De pronto, como si solo eso fuera posible en este momento de nuestras vidas, llovieron los anuncios de maternidad y paternidad. Así, oficialmente, quedamos empatados cinco a cinco en nuestro joven equipo con «las paridas» o «por parir», transformando las dinámicas laborales del resto.
Porque cuando se tiene una embarazada en la oficina, que nadie lo dude, las rutinas cambian. Verlas entrar así, lentamente, con sus hambres inusitadas y sus enormes barrigas a cuestas, transforma las maneras en que se entiende desde la productividad hasta la cortesía. Uno se sensibiliza, y se aprende a ser comprensivo, que no es lo mismo que blando.

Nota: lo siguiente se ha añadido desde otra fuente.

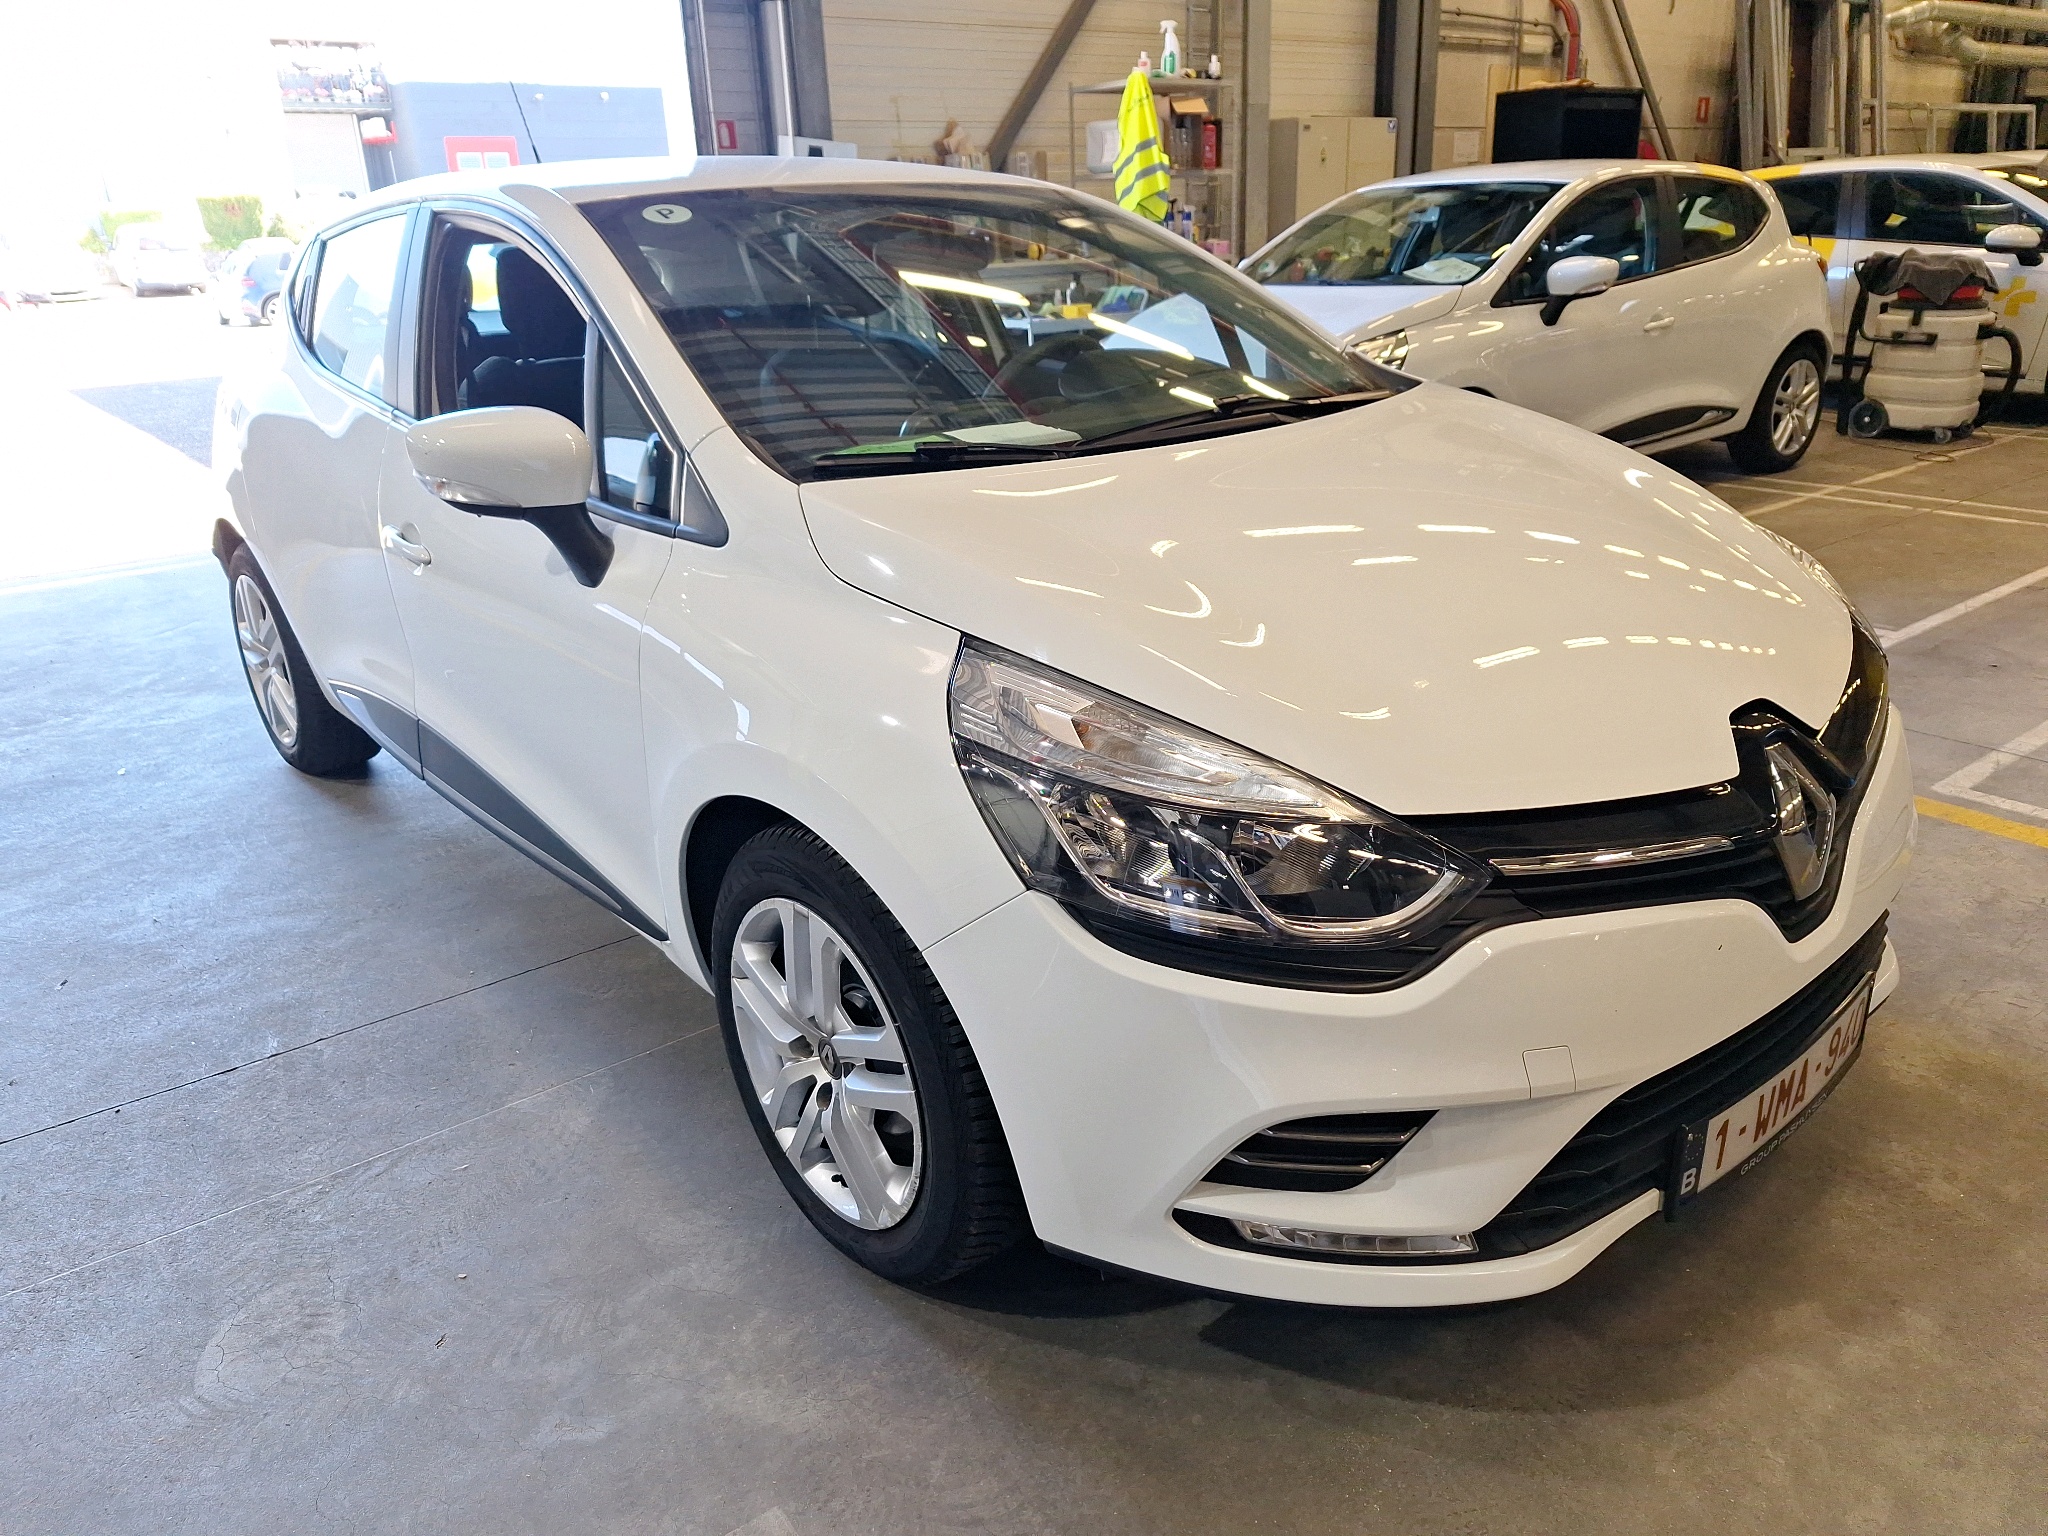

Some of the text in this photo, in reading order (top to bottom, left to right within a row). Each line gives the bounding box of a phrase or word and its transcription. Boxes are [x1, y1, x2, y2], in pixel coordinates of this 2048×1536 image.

[654, 207, 675, 219] P
[1715, 996, 1866, 1171] 1-WMA-940
[1740, 1140, 1778, 1176] GROUP
[1680, 1167, 1697, 1195] B

Si eres un jefe joven, entonces ellas también te enseñan —entre certificados médicos, licencias de maternidad, y solicitudes adelantadas para los círculos infantiles— un nuevo significado para la palabra paciencia.
Aprendes, además, que a las embarazadas no se les presiona… porque se enojan por dos y hay que cuidarlas; no se les niega nada porque (además del tradicional orzuelo) puedes ganarte la antipatía grupal, y no hay que exagerar en las tareas porque sus tiempos y sus habilidades ahora se comparten con el deber de estar sanas y sin estrés…
Somos bombas de tiempo, pensé cuando la primera «víctima», Elena, llegó a la oficina con sus somnolencias, sus antojos y el notición de que Sofía nacería en septiembre. Luego cayeron otros dos, Elena repitió y ahora, a la velocidad que todo lleva, temo quedarme con la oficina vacía.
Es la edad, me digo como consuelo en tanto enfrento dilemas que los de más experiencia verán como nimios y yo, tan nueva en esto de trabajar como los míos, vaticino abismales… pero remediables: plazas desiertas por un año o más, sobrecargas laborales para quienes quedan, y la búsqueda de suplentes tan buenos, entusiastas y capaces como nuestras «bajas temporales». Una tarea ardua.
Pero ese es el sino de los equipos jóvenes, donde son tantas las ganas de hacer como las probabilidades de que en algún momento detengan sus carreras y opten por ser mamás y papás, hermosos estados del alma y el cuerpo que prolongan nuestros amores de una generación a otra.
No entiendo, por eso, qué le pasa a algunos de los nuevos jefes de ciertos negocios particulares que, en sus ofertas de empleo, privilegian puestos para mujeres no solo bonitas sino sin hijos ni compromisos, como si formar o tener familia fuera una carga.
Supongo que la reticencia a contratarlas se deba a experiencias laborales anteriores de estos cuentapropistas, quienes vivieron en carne propia los huecos que deja en la productividad de cualquier empresa pequeña o grande la licencia de una trabajadora o los apuros médicos como madres de niños enfermizos.
Lo que no pensaron, apuesto, fue en ser humanos. Han preferido reproducir los patrones excluyentes del mercado, donde solo la ganancia importa, y no las lógicas más éticas de lo profesional, esas que nos enseñan a todos desde la Primaria: tú vales por lo que sabes.
Y ahora más, porque ser bueno genera dividendos extras. Ser bueno, no bobo, implica que tus subordinados te respeten por lo que inspiras, cumplan porque aprecian tus principios de respeto hacia ellos como personas con derechos y apuesten más por la permanencia que por lo fugaz, algo que se aprecia en los modelos exitosos de negocios y que es posible sin discriminación ¿o no?